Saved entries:
_ _ _ _ _

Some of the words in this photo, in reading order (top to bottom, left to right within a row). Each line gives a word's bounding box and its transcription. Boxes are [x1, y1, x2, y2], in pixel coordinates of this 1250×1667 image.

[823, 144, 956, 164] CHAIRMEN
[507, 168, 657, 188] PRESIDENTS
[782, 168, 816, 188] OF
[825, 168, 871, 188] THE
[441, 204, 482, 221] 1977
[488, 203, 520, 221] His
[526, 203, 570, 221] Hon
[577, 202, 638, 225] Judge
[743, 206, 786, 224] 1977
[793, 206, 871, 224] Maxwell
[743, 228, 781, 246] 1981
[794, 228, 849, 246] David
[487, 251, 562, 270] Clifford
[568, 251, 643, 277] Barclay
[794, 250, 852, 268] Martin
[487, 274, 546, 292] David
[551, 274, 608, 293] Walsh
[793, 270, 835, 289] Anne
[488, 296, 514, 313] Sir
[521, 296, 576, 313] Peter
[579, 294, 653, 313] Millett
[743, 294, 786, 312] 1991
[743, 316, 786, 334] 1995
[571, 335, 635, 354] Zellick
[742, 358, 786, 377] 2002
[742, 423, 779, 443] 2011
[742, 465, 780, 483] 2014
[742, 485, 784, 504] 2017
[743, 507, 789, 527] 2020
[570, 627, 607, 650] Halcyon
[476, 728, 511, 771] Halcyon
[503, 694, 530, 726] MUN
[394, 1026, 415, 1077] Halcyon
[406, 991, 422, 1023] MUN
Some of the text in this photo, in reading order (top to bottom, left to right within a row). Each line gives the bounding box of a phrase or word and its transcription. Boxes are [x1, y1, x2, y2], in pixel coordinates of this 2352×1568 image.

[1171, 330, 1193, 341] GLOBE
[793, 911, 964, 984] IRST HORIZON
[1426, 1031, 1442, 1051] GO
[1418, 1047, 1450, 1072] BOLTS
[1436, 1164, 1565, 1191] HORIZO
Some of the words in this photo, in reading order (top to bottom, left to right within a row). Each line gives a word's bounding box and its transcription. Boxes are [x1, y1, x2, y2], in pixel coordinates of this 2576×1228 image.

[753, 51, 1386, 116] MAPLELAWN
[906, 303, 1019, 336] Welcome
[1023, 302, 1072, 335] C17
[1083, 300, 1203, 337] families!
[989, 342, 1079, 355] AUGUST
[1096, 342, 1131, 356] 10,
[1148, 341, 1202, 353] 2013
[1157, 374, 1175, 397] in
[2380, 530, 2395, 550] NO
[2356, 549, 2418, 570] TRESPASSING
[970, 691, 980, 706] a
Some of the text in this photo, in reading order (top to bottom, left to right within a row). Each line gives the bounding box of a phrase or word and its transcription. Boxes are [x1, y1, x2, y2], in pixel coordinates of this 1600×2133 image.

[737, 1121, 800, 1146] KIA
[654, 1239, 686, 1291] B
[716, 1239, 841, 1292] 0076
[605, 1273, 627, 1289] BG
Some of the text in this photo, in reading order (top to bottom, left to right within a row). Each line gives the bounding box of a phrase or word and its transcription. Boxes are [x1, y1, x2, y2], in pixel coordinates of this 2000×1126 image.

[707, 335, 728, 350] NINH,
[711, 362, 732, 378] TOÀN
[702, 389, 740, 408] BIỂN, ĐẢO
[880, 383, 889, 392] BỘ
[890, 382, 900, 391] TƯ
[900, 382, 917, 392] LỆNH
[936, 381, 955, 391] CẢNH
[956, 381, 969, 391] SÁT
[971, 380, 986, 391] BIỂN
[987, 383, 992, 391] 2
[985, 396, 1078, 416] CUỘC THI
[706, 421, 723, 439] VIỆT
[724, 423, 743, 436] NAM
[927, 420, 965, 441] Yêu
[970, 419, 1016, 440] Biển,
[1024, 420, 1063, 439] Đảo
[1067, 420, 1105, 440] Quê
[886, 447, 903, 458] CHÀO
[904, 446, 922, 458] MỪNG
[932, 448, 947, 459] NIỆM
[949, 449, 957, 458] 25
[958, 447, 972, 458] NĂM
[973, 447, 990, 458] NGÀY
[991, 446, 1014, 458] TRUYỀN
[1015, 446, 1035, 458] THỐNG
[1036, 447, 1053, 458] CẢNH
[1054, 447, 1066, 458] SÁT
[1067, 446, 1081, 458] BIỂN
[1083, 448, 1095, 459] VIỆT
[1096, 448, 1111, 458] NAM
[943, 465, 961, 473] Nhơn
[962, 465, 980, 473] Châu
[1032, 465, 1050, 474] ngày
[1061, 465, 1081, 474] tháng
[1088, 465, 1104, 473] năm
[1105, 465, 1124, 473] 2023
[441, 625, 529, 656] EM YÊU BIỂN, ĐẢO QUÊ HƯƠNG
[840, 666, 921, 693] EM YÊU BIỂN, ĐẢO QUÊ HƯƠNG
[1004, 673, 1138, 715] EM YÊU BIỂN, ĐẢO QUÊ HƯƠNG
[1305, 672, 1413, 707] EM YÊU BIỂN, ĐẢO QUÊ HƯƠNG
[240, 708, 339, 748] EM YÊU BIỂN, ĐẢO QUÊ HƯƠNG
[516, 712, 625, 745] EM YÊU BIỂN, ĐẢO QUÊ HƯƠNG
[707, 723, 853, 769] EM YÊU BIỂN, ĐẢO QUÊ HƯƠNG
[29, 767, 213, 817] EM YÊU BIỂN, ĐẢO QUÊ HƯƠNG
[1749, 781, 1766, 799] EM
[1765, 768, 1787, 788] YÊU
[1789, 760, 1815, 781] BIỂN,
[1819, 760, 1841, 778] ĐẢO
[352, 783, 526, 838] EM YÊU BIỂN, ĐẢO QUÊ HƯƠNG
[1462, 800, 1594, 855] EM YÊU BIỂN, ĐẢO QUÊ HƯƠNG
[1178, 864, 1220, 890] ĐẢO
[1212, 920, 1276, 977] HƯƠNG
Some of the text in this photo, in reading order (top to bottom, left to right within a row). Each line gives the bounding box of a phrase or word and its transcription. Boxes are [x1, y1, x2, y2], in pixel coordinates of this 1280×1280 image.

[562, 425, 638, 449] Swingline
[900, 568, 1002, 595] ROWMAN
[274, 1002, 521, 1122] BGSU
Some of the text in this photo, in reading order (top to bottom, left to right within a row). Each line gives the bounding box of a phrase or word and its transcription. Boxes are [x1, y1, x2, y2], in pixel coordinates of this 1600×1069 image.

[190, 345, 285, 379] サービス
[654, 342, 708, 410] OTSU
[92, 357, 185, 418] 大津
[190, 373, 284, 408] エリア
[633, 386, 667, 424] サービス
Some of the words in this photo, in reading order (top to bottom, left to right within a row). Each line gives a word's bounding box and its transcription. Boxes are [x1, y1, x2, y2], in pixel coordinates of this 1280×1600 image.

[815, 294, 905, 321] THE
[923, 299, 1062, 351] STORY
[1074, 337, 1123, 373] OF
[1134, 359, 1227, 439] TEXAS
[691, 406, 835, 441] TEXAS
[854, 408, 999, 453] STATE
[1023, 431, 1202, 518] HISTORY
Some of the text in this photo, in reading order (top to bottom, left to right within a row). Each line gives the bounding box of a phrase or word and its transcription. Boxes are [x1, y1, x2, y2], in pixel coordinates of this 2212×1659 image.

_ _ _ _ _

■ TASK BRIEF ■
Give again, exactly, every line from the one holding "this 1280×1600 image." to the last line of the data.

■ ANSWER BELOW ■
Some of the words in this photo, in reading order (top to bottom, left to right within a row). Each line gives a word's bounding box and its transcription. Boxes are [x1, y1, x2, y2], in pixel coordinates of this 1280×1600 image.

[815, 294, 905, 321] THE
[923, 299, 1062, 351] STORY
[1074, 337, 1123, 373] OF
[1134, 359, 1227, 439] TEXAS
[691, 406, 835, 441] TEXAS
[854, 408, 999, 453] STATE
[1023, 431, 1202, 518] HISTORY
Some of the text in this photo, in reading order (top to bottom, left to right within a row). Each line gives the bounding box of a phrase or word and its transcription. Boxes are [x1, y1, x2, y2], in pixel coordinates of this 2212×1659 image.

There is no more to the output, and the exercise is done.